Please find highlights from Erik Van Hurck’s course – Project for the web: How It Works and What You Can Do With It – being provided by MPUG for the convenience of our members. You may wish to use this transcript for the purposes of self-paced learning, searching for specific information, and/or performing a quick review of webinar content. There may be exclusions, such as those steps included in product demonstrations, or there may be additions to expand on concepts. You may watch the on-demand recording of this webinar at your convenience.

Microsoft has a wide variety of applications that are available for users to manage their projects. Microsoft’s Project for the web is a project management solution that has been created to help teams collaborate and manage their projects more effectively. The solution is aimed at providing users with a way to track project tasks, timelines, and resources in a more visual way.

In this article, we will discuss who Project for the web is for, and where it fits in the Microsoft landscape.

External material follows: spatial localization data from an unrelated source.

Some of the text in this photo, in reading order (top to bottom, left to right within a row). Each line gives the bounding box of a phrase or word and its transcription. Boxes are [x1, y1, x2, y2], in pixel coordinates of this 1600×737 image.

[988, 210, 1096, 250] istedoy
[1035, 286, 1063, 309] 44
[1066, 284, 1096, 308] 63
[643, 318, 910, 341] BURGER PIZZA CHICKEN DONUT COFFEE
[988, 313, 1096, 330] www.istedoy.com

We will explore the various applications that Microsoft has created for project management, and how Project for the web compares to them.

Microsoft’s Project Management Landscape

To understand where Project for the web fits in the Microsoft landscape, we first need to understand the various applications that Microsoft has created for project management. Microsoft’s project management applications range from lightweight task management tools to heavy-duty project management solutions.

Applications such as ToDo are more consumer-based, lightweight solutions that allow users to create to-do lists and manage their tasks. Microsoft Office, with Word and Excel, is a go-to suite for project managers who need to create project initiation documents, risk reports, and financial reports.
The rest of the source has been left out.